Tuesday, 12 March 2013

Good Question 6

It's Quiz Night Tuesday!

And tonight's question is, can you ID this bird?

I will post the answer tomorrow night, good luck.

And the answer is:

A leucistic Brambling that we caught and ringed on Sunday.

The BTO's description of leucism is:

In leucistic birds, affected plumage lacks melanin pigment due to the cells responsible for melanin production being absent. This results in a white feathers, unless the normal plumage colour also comprises carotenoids (e.g. yellows), which remain unaffected by the condition. Although leucism is inherited, the extent and positioning of the white colouration can vary between adults and their young, and can also skip generations if leucistic genes are recessive.

The notes on Scouse Ringers blog say "One of the last Brambling out of the nets was this leucistic bird. Capturing birds with leucistic features is not uncommon, in most cases it is single feathers but in this bird it was more extensive and, interestingly, it was symetrical across the body."

I really like Scouse Ringer's new name for it, a Snowling!


  1. Not many people know this, but this is a Snowling (Fringilla nivigilla). Quite rare in these parts matey!

  2. I haven't a clue - but such a lovely one. Thanks for the quiz - I will check back later for the answer (I like those kind of quizes -smile).

  3. i would definitely say a bunting of some sort. :)

  4. My guess is it's a juvenile Brambling Findlay but I have to admit it really is a guess.

  5. My guess is a leucistic Brambling, Findlay, and if I had to put a sex on it, I'd say female.

    I'm hoping that you're going to tell us how this happens?

  6. tricky one that Findlay, judging by the amount of white I am thinking Snow Bunting that is maybe changing from winter to summer plumage, or a juvenile... or I may be miles away!! but interested to know what ?

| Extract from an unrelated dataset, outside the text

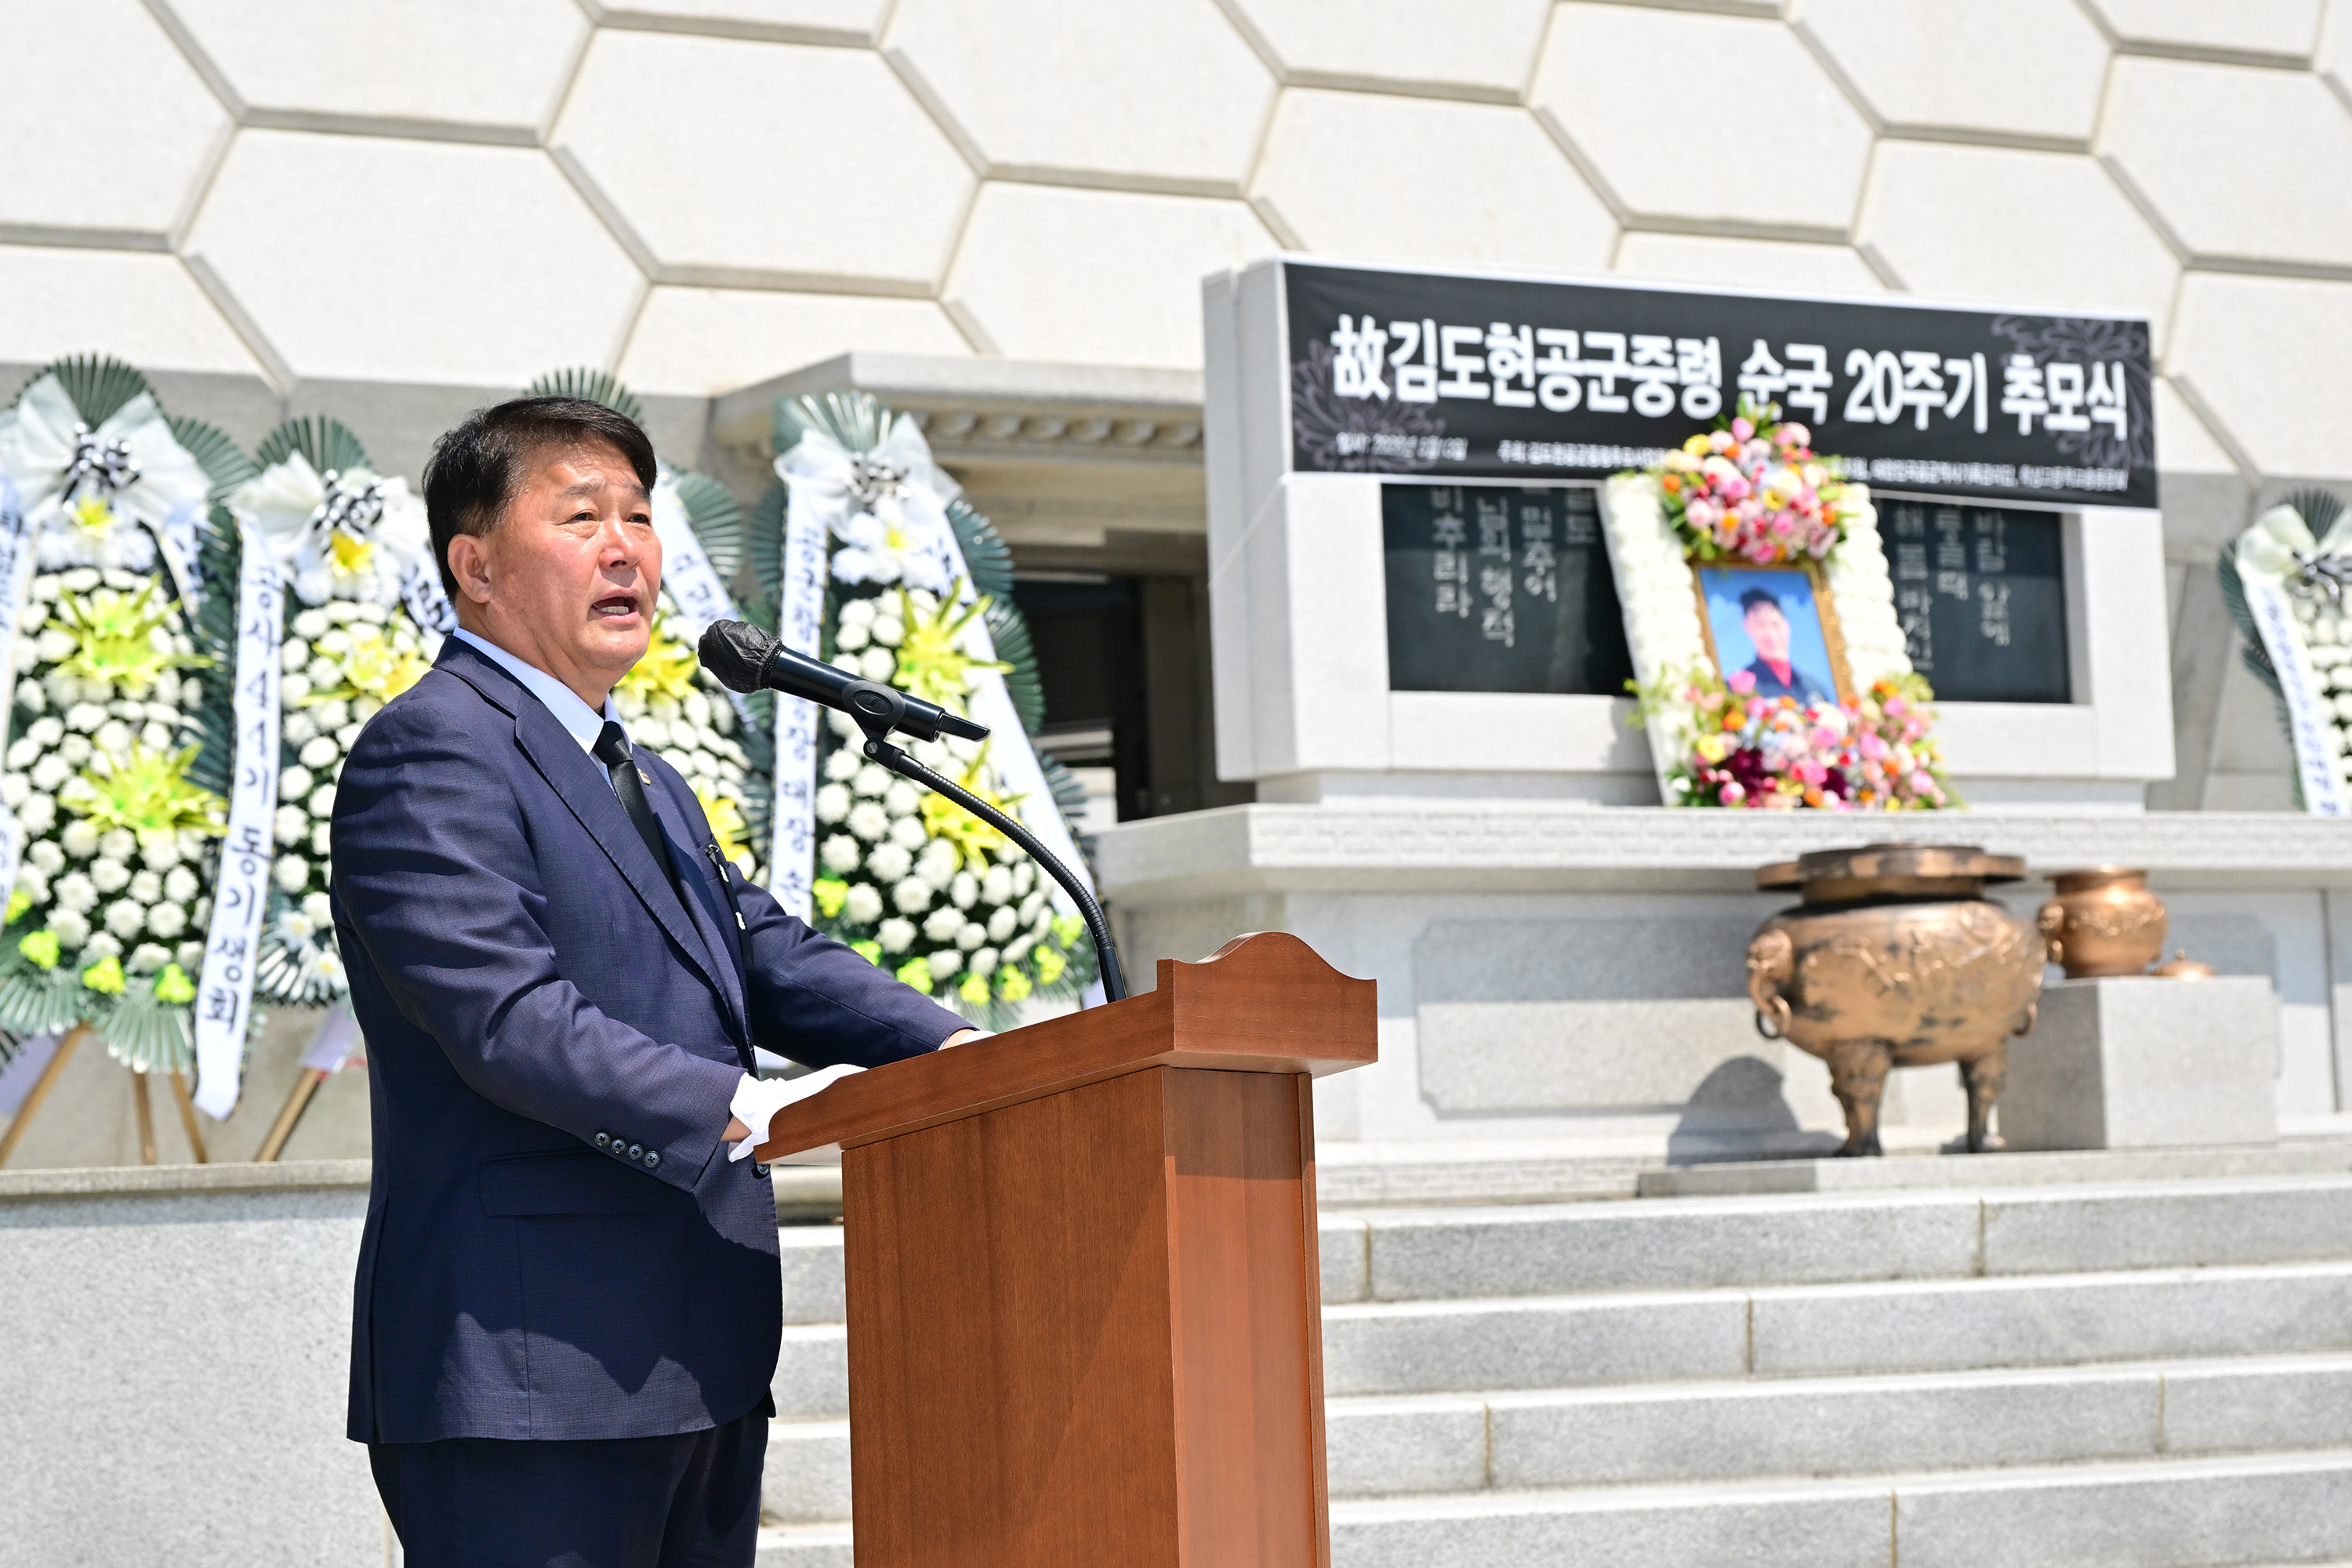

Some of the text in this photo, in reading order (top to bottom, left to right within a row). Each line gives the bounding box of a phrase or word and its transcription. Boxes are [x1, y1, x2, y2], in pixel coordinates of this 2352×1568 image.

  7. I looked last night and at first glance thought Snow Bunting then realised it definitely wasn't. I then wondered about juvenile Brambling but as they don't breed here didn't think it at all likely. At that point I thought I would leave it to those more knowledgeable. A great brain teaser Findlay, well done :-) Coincidentally, I have just been looking at a leucistic Blackbird on another blog.

  8. Looks like it's been out on one of our frosty nights Findlay.

  9. I didn't submit an answer as I was muddled I did think perhaps a Snow Bunting too, but also thought it was a Brambling going through moult from 1st winter etc, though I can see why it's called a snowling, great question Findlay had me stumped.